The case is General Re Life Corp. v. Lincoln National Life Insurance Co., issued on November 28. This case involves reinsurance, a topic that is foreign to many lawyers. Bottom line: after the arbitration panel issued its award, the panel (over a dissent) issued a clarification in light of ambiguities in the original arbitration ruling. Once an arbitration ruling issues, the parties may ask the district court to confirm it. The party that objected to the clarification told the district court that the clarified ruling exceeded the arbitrator's limited authority. The Second Circuit (Pooler, Wesley and Chin) says:
A district court’s authority to vacate an award “is strictly limited in order to facilitate the purpose underlying arbitration: to provide parties with efficient dispute resolution, thereby obviating the need for protracted litigation.”
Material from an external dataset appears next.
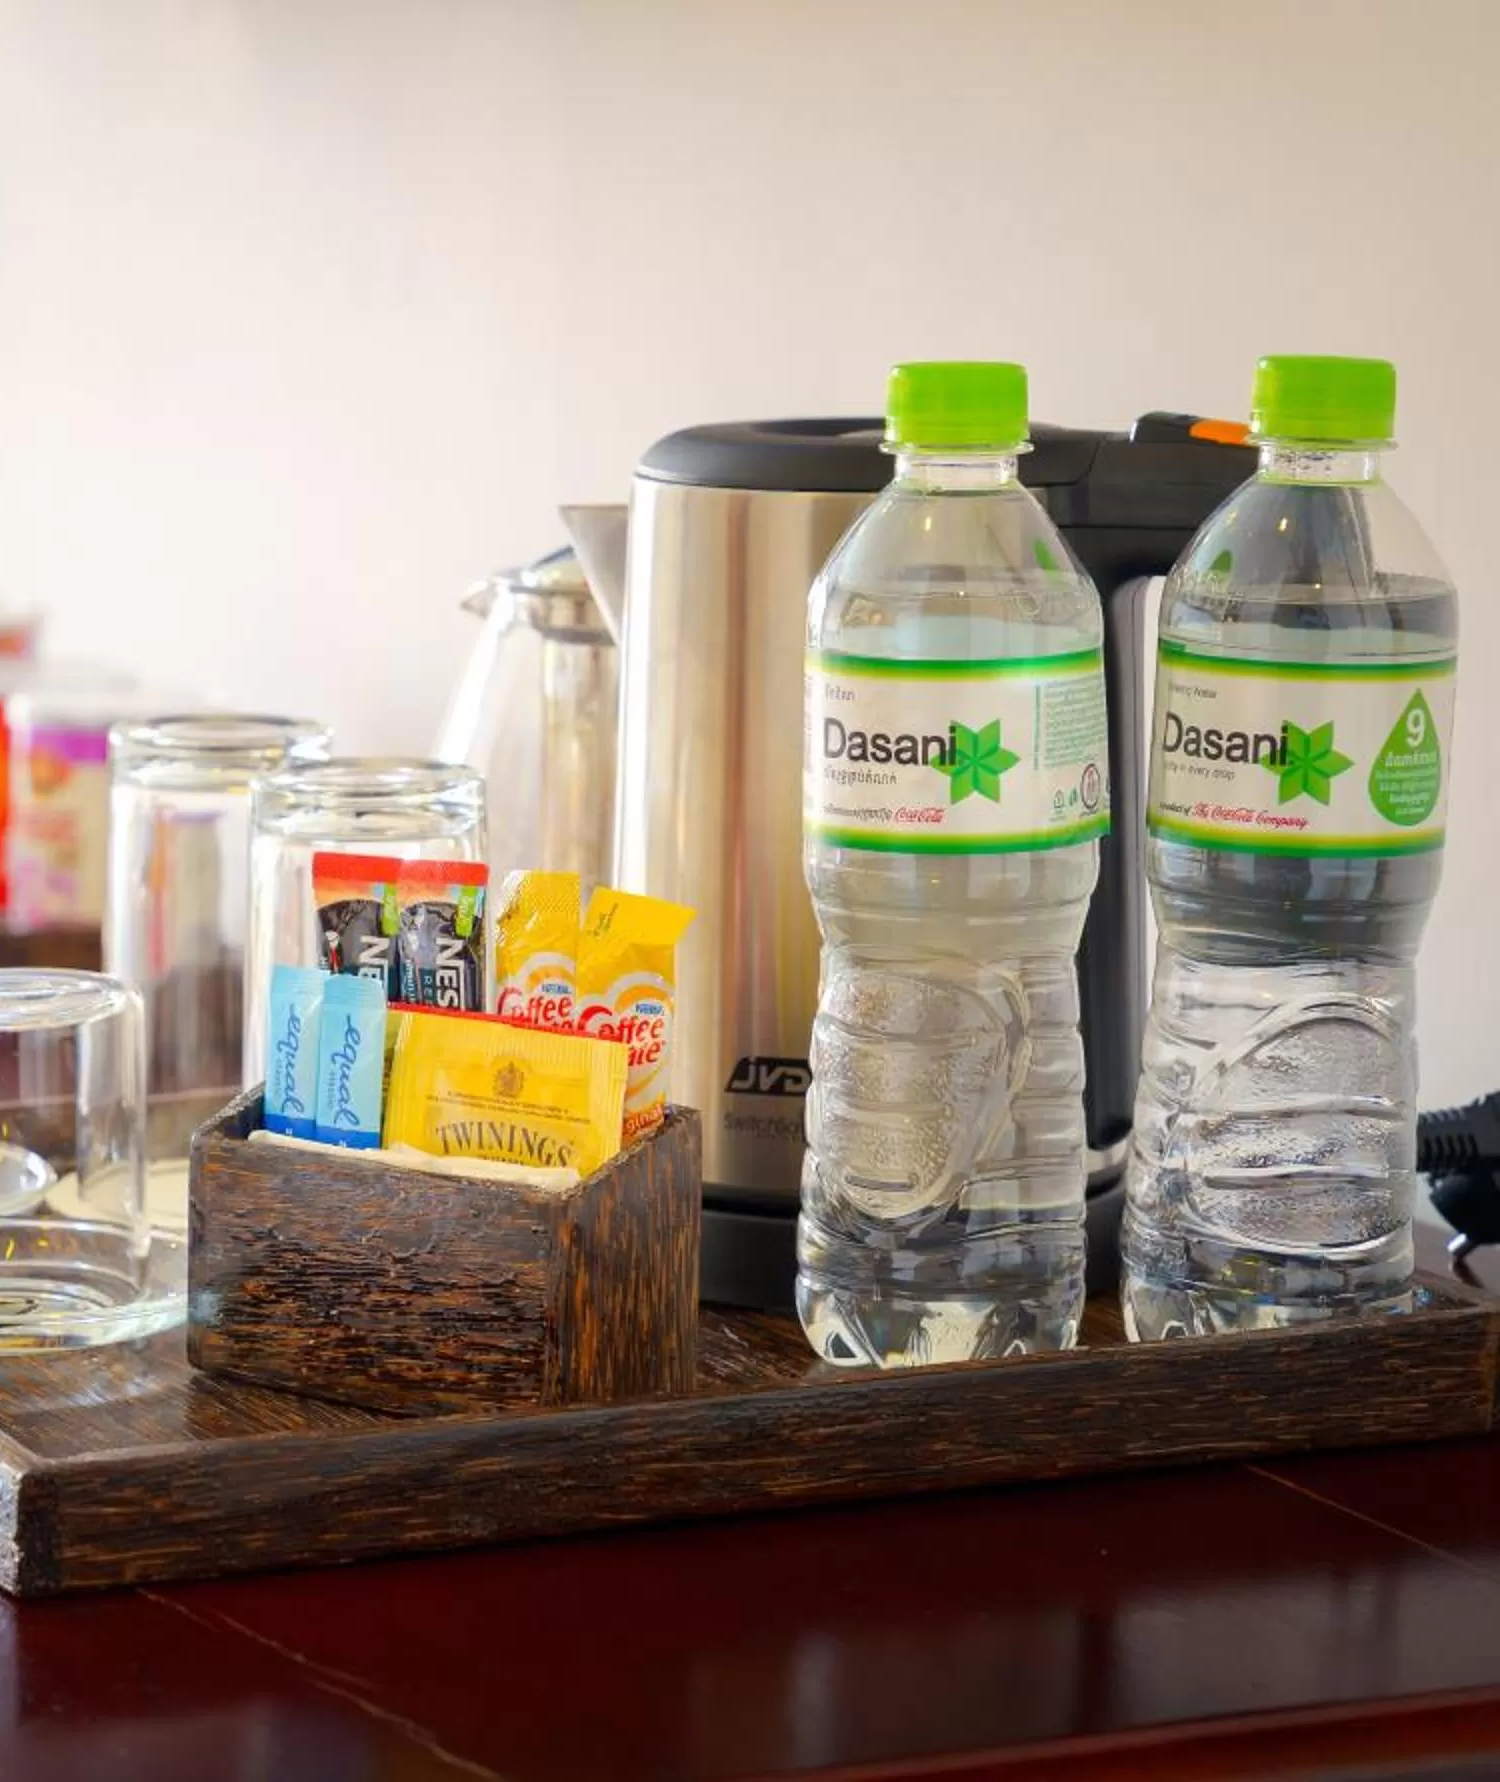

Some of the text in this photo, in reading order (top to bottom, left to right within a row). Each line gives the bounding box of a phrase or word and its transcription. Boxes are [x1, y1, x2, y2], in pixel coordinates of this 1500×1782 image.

We call this the functus officio doctrine, which says that "once arbitrators have fully exercised their authority to adjudicate the issues submitted to them, their authority over those questions is ended, and the arbitrators have no further authority, absent agreement by the parties, to redetermine those issues.” Are there any exceptions to this rule? The Third, Fifth, Sixth, Seventh, and Ninth Circuits in recognize "an exception to functus officio where an arbitral award 'fails to address a contingency that later arises or when the award is susceptible to more than one interpretation.” The Second Circuit adopts that exception as well, which "furthers the well‐settled rule in this Circuit that when asked to confirm an ambiguous award, the district court should instead remand to the arbitrators for clarification." So here is the rule:
An arbitrator does not become functus officio when it issues a clarification of an ambiguous final award as long as three conditions are satisfied: (1) the final award is ambiguous; (2) the clarification merely clarifies the award rather than substantively modifying it; and (3) the clarification comports with the parties’ intent as set forth in the agreement that gave rise to arbitration. This narrowly drawn rule ensures that in those circumstances where an arbitral body issues an ambiguous award and must issue a clarification, it will do so in keeping with the twin objectives of arbitration: “settling disputes efficiently and avoiding long and expensive litigation.”What it means for the parties in this case is that the district court got it right when it said the arbitrators were allowed to issue the clarification. The district court ruing is affirmed.